[Work instruction] The listing below is to be reproduced in full, character for character.

[Data section]

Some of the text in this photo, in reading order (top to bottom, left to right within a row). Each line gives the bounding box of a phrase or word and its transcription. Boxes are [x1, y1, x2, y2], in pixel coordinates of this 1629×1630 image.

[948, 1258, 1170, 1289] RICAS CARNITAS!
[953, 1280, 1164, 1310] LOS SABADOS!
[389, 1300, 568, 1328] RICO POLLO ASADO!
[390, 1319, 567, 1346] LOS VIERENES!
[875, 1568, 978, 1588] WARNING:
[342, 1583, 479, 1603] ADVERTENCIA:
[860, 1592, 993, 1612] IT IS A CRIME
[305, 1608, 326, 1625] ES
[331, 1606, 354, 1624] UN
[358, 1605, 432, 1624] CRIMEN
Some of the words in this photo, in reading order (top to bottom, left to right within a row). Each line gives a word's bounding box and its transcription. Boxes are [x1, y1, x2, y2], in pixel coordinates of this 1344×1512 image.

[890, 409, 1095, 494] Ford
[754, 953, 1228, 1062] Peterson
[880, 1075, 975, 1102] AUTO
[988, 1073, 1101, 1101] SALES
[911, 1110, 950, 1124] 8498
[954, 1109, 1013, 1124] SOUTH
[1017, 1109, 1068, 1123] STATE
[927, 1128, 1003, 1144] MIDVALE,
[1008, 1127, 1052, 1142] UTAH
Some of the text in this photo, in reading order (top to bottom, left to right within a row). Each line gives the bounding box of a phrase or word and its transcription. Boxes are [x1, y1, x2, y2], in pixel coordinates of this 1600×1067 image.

[Answer for the task]
Some of the text in this photo, in reading order (top to bottom, left to right within a row). Each line gives the bounding box of a phrase or word and its transcription. Boxes are [x1, y1, x2, y2], in pixel coordinates of this 1629×1630 image.

[948, 1258, 1170, 1289] RICAS CARNITAS!
[953, 1280, 1164, 1310] LOS SABADOS!
[389, 1300, 568, 1328] RICO POLLO ASADO!
[390, 1319, 567, 1346] LOS VIERENES!
[875, 1568, 978, 1588] WARNING:
[342, 1583, 479, 1603] ADVERTENCIA:
[860, 1592, 993, 1612] IT IS A CRIME
[305, 1608, 326, 1625] ES
[331, 1606, 354, 1624] UN
[358, 1605, 432, 1624] CRIMEN
Some of the words in this photo, in reading order (top to bottom, left to right within a row). Each line gives a word's bounding box and its transcription. Boxes are [x1, y1, x2, y2], in pixel coordinates of this 1344×1512 image.

[890, 409, 1095, 494] Ford
[754, 953, 1228, 1062] Peterson
[880, 1075, 975, 1102] AUTO
[988, 1073, 1101, 1101] SALES
[911, 1110, 950, 1124] 8498
[954, 1109, 1013, 1124] SOUTH
[1017, 1109, 1068, 1123] STATE
[927, 1128, 1003, 1144] MIDVALE,
[1008, 1127, 1052, 1142] UTAH
Some of the text in this photo, in reading order (top to bottom, left to right within a row). Each line gives the bounding box of a phrase or word and its transcription. Boxes are [x1, y1, x2, y2], in pixel coordinates of this 1600×1067 image.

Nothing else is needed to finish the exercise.